Aim:
To enhance deep fake detection by extracting facial features using FaceNet512 and training these features with transfer learning models. Upon detecting deep fake content, the system will automatically send an email alert with the manipulated image.
Introduction:
Deepfake videos and images have grown into a major societal concern due to their misuse in spreading misinformation, identity theft, and defamation. The rapid advancements in deep learning and AI-based video synthesis have made it increasingly difficult to differentiate between authentic and manipulated media. Traditional deepfake detection techniques primarily rely on convolutional neural networks (CNNs), but these methods often struggle to generalize across different datasets and manipulation techniques. Moreover, many existing approaches process entire video frames, leading to excessive computational costs and slower inference times. Our approach enhances detection accuracy by using FaceNet512 for precise facial feature extraction and applying transfer learning models for effective classification. By analyzing only facial embeddings, our method significantly reduces processing time while improving the system’s ability to detect deepfake artifacts. The proposed system also incorporates an automated alert mechanism, ensuring that detected deepfakes are reported to relevant stakeholders in real time. Furthermore, our approach improves generalization by training on diverse datasets, allowing the model to adapt to new and emerging deepfake techniques.
Problem Definition:
Current deepfake detection methods face several challenges, including robustness against unseen manipulations, excessive computational requirements, and lack of real-time alert mechanisms. Many existing models rely on full-frame analysis, which increases processing time and computational overhead without necessarily improving detection accuracy. Additionally, deepfake generation techniques continue to evolve, making it difficult for conventional detection models to keep up with new forms of media manipulation. Another critical issue is the absence of automated response systems to alert users about detected deepfakes. Without a proper notification system, the impact of deepfake detection remains limited, as users may not be aware of fraudulent content in time to take action. Our proposed system addresses these challenges by focusing on facial feature extraction rather than full-frame processing, which reduces computational load while enhancing detection accuracy. Furthermore, the system integrates an automated email alert mechanism, ensuring real-time notifications whenever deepfake content is detected. This approach not only
improves detection efficiency but also makes the system more practical for real-world applications.
Existing System:
The existing system primarily uses EfficientNet with CNN and RNN-based architectures for detecting deepfakes. It applies autoencoders to learn feature representations and classifies videos using CNN and LSTM networks. While this approach has shown promising results, it has several limitations, including high computational requirements and difficulty in handling unseen deepfake attacks. The reliance on full-frame analysis rather than facial feature-based classification often leads to inefficiencies, particularly when processing high-resolution videos. Additionally, the existing system does not include an automated alert mechanism, making it less effective in real-world scenarios where timely notifications are crucial. Another drawback is its limited generalization capability, as models trained on specific datasets tend to struggle when tested on new manipulation techniques. Furthermore, the absence of a streamlined preprocessing pipeline results in increased latency during inference, making real-time deployment challenging. Despite achieving relatively high accuracy on seen datasets, the existing system fails to maintain consistent performance across different types of deepfake videos, highlighting the need for an improved approach.

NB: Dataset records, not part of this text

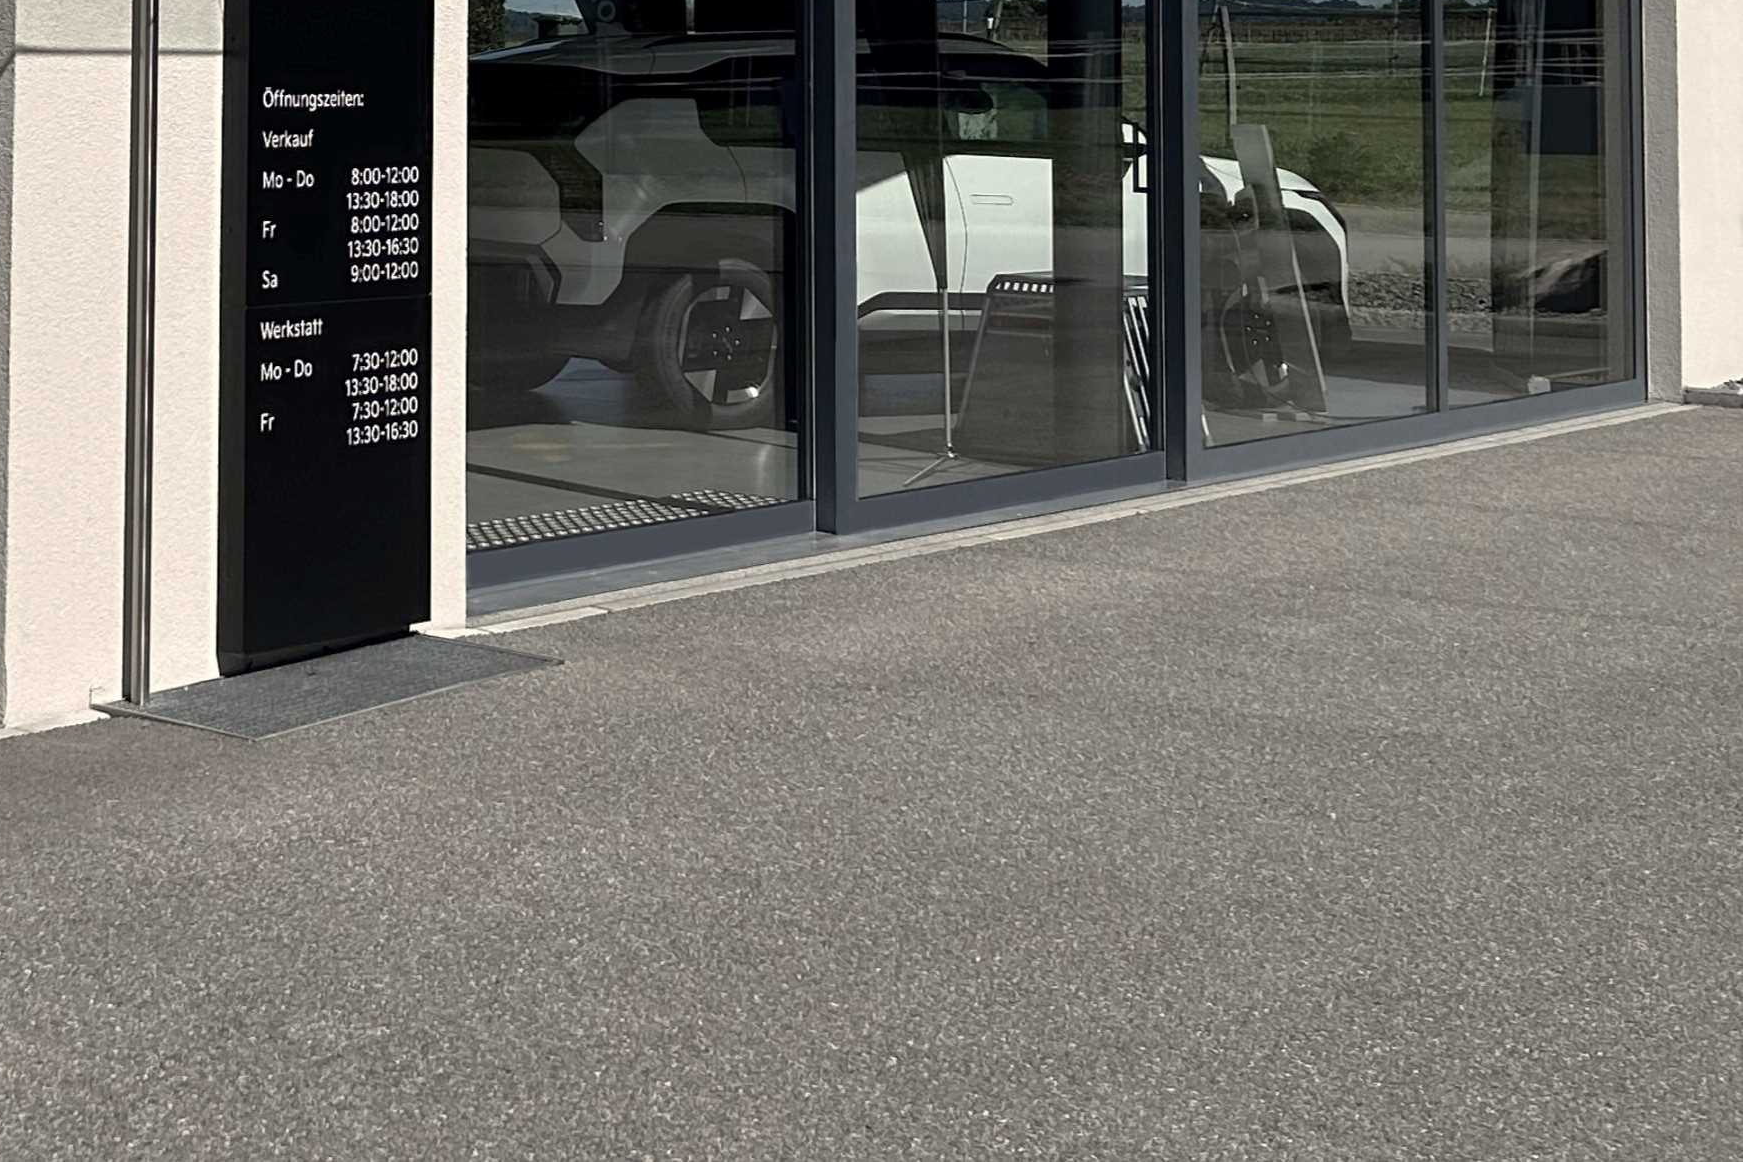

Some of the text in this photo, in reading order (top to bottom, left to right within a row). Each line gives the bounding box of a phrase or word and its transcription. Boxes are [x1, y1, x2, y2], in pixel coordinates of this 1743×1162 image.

[262, 87, 365, 112] Öffnungszeiten:
[262, 129, 314, 148] Verkauf
[262, 171, 284, 189] Mo
[296, 169, 315, 188] Do
[351, 165, 419, 186] 8:00-12:00
[346, 190, 419, 210] 13:30-18:00
[262, 213, 419, 238] Fr 8:00-12:00
[347, 237, 419, 258] 13:30-16:30
[262, 261, 419, 288] Sa 9:00-12:00
[260, 318, 324, 340] Werkstatt
[260, 362, 282, 382] Mo
[294, 359, 313, 378] Do
[352, 348, 418, 372] 7:30-12:00
[345, 372, 418, 397] 13:30-18:00
[260, 396, 418, 432] Fr 7:30-12:00
[346, 420, 418, 446] 13:30-16:30

Disadvantages of the Existing System:
- Requires extensive computational power for video-based processing, leading to inefficiencies in real-time applications.
- Struggles with generalization on unseen deepfake attacks, making it vulnerable to new forms of manipulated content.
- No automated alert system for detected deepfakes, limiting its practical usability in real-world scenarios.
- Dependency on residual image analysis for accuracy improvement, which may not always be effective against advanced deepfake techniques.
- High latency during inference due to complex preprocessing pipelines, making real-time detection challenging.
- Difficulty in adapting to evolving deepfake generation methods, reducing the long-term effectiveness of the detection system.
Proposed System:
The proposed system introduces a more efficient and robust approach to deepfake detection by integrating FaceNet512 for feature extraction and using transfer learning models for classification. This method eliminates the need for full-frame processing, significantly reducing computational overhead while maintaining high accuracy. The core components of the system include:
- Feature Extraction: FaceNet512 extracts high-dimensional facial embeddings, enabling more precise detection of manipulated content.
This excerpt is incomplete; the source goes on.